In February 2014, China reversed course and began weakening its currency again. That’s because the yuan was still pegged to the dollar. Both rose 25% in 2014 and 2015. China needed to lower the yuan to remain competitive with other emerging markets. China is more than happy to own nearly a third of the U.S. debt. Owning U.S. Treasury notes helps China’s economy grow by keeping its currency weaker than the dollar. That keeps products exported from China cheaper than U.S. products, creating jobs for its 1.4 billion people.
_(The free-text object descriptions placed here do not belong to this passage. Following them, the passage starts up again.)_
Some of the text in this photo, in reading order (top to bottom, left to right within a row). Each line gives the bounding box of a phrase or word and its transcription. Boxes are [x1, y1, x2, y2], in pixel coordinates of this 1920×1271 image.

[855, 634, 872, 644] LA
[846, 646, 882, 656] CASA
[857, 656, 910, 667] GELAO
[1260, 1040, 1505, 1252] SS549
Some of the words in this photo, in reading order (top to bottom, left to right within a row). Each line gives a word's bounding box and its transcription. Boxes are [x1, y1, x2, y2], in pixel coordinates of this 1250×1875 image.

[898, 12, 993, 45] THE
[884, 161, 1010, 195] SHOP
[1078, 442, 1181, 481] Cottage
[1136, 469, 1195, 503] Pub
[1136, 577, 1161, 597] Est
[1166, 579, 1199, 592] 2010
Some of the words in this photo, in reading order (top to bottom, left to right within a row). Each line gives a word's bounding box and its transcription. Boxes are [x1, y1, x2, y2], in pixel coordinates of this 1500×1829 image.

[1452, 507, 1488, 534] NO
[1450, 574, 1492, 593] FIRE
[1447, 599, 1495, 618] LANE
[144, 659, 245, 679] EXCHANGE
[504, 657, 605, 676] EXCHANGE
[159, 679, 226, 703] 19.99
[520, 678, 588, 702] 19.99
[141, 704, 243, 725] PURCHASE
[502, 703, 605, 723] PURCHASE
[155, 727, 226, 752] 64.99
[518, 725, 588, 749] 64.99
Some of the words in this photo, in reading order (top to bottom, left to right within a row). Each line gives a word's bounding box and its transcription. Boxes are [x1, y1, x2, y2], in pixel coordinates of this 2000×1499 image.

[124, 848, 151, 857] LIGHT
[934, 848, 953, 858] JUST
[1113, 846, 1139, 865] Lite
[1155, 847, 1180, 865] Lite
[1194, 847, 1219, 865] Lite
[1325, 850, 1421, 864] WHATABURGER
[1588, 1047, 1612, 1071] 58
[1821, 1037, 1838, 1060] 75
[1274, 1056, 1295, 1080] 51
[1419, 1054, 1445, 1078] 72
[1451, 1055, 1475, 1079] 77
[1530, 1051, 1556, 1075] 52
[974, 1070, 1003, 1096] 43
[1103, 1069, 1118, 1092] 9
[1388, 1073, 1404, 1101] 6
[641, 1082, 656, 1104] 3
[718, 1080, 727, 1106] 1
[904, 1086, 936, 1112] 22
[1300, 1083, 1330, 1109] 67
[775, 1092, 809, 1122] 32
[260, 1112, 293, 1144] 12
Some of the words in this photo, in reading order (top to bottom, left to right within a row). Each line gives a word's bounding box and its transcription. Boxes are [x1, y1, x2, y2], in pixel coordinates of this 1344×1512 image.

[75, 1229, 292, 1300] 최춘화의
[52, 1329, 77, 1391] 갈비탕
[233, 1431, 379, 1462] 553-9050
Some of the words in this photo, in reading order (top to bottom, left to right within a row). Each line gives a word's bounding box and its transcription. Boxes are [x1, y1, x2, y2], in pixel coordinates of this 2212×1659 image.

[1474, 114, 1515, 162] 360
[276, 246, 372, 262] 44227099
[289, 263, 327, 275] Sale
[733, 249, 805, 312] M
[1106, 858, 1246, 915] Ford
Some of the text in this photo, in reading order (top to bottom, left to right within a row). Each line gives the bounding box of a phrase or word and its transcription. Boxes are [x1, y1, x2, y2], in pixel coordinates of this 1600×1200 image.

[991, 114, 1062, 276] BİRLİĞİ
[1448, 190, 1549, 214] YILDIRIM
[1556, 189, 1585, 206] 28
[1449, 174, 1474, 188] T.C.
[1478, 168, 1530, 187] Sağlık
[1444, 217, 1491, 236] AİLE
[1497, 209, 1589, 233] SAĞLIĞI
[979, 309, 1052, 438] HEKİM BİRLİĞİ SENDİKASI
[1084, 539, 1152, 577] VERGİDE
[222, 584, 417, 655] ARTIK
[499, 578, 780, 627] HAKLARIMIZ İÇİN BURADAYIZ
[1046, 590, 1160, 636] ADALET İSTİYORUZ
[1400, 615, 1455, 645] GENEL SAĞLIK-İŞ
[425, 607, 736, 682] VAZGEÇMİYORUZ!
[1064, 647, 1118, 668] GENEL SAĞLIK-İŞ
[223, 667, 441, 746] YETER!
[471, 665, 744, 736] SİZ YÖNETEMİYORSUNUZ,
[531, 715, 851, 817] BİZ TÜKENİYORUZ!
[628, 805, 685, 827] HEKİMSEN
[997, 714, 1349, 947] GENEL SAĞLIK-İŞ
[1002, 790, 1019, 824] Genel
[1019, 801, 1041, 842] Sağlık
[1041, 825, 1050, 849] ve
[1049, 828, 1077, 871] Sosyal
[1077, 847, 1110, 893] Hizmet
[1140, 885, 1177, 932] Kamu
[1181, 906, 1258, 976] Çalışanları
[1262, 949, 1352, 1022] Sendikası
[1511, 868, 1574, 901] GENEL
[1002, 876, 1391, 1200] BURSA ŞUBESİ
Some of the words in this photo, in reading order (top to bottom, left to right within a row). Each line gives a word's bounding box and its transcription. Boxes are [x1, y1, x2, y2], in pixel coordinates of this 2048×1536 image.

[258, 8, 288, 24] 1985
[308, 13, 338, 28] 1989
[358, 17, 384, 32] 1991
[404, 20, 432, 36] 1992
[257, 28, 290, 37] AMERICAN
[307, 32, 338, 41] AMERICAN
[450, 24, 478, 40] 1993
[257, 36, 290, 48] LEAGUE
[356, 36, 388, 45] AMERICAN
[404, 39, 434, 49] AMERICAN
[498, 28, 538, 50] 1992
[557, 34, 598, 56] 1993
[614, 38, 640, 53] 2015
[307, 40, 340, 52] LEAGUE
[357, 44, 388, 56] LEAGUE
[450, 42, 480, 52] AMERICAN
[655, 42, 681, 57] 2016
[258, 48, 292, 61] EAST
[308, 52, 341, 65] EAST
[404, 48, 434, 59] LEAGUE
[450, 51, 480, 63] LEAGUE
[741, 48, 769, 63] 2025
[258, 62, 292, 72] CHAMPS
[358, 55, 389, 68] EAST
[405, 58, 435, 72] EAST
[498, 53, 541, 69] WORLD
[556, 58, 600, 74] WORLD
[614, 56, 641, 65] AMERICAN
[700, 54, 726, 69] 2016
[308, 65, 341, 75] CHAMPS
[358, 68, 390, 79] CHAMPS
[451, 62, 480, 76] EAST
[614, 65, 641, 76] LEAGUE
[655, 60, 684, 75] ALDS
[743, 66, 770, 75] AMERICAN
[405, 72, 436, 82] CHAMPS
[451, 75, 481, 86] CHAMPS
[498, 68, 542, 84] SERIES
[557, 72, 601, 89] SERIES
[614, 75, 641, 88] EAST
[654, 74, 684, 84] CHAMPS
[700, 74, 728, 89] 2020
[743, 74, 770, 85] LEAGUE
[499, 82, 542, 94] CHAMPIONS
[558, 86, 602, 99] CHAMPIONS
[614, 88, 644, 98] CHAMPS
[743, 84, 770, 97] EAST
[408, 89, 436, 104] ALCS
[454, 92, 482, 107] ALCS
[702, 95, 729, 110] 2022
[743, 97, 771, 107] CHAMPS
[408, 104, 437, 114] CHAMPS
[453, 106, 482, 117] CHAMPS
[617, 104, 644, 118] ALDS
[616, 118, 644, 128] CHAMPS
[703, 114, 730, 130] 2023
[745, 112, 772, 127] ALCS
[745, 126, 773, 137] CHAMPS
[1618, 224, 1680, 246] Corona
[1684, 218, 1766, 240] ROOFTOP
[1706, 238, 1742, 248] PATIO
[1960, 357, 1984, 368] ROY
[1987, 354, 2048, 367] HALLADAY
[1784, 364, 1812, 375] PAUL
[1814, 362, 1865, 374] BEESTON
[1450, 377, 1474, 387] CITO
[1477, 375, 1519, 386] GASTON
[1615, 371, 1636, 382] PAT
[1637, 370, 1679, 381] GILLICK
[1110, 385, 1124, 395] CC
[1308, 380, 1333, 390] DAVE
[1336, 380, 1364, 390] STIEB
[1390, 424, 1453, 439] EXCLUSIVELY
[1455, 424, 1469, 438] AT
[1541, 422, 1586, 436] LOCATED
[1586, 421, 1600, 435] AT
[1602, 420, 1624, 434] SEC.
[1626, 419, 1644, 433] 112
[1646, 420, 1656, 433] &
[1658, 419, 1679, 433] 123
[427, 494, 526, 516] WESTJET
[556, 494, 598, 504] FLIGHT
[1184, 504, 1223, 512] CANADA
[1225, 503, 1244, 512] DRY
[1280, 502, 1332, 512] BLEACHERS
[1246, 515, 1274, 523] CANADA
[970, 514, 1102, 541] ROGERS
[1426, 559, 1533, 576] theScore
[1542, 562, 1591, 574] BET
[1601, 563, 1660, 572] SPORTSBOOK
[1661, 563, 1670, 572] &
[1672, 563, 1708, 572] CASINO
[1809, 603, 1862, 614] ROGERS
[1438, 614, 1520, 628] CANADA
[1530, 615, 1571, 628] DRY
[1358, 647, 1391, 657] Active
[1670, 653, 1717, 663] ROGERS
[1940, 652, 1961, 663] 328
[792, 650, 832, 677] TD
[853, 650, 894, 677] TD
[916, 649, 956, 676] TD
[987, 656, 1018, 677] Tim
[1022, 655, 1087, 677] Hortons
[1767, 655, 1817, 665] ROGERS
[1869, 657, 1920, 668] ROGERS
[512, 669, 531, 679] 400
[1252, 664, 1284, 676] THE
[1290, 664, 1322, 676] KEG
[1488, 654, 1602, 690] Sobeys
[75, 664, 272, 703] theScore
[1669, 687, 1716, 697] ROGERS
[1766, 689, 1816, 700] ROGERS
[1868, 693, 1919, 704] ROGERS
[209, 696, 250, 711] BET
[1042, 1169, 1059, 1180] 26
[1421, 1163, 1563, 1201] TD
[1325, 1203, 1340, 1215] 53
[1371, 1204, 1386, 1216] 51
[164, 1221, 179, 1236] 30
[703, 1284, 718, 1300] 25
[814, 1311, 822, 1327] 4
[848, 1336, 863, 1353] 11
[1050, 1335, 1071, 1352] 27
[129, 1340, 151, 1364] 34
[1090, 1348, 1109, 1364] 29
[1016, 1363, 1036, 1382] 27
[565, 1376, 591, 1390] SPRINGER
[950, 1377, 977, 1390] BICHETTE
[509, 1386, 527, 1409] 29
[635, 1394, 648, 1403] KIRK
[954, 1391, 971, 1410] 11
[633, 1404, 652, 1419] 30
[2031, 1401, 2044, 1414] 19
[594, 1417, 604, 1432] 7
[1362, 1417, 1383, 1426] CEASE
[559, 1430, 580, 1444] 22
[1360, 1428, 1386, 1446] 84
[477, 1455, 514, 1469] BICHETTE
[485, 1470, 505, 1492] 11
On the other hand, United States allowed China to become one of its biggest bankers because the American people enjoyed low consumer prices. Selling debt to China allows the U.S. economy to grow by funding federal government programs. It also keeps U.S. interest rates low. However, China’s ownership of U.S. debt is shifting the economic balance of power in its favor. This is why China is so confident in its triggering World War III – and the South China Sea conflict where the U.N. tribunal ruled in favor of the Philippines will give them the opportunity to test their war capability with the Americans as well as the rest of the super powers that pledged alliance with the U.S..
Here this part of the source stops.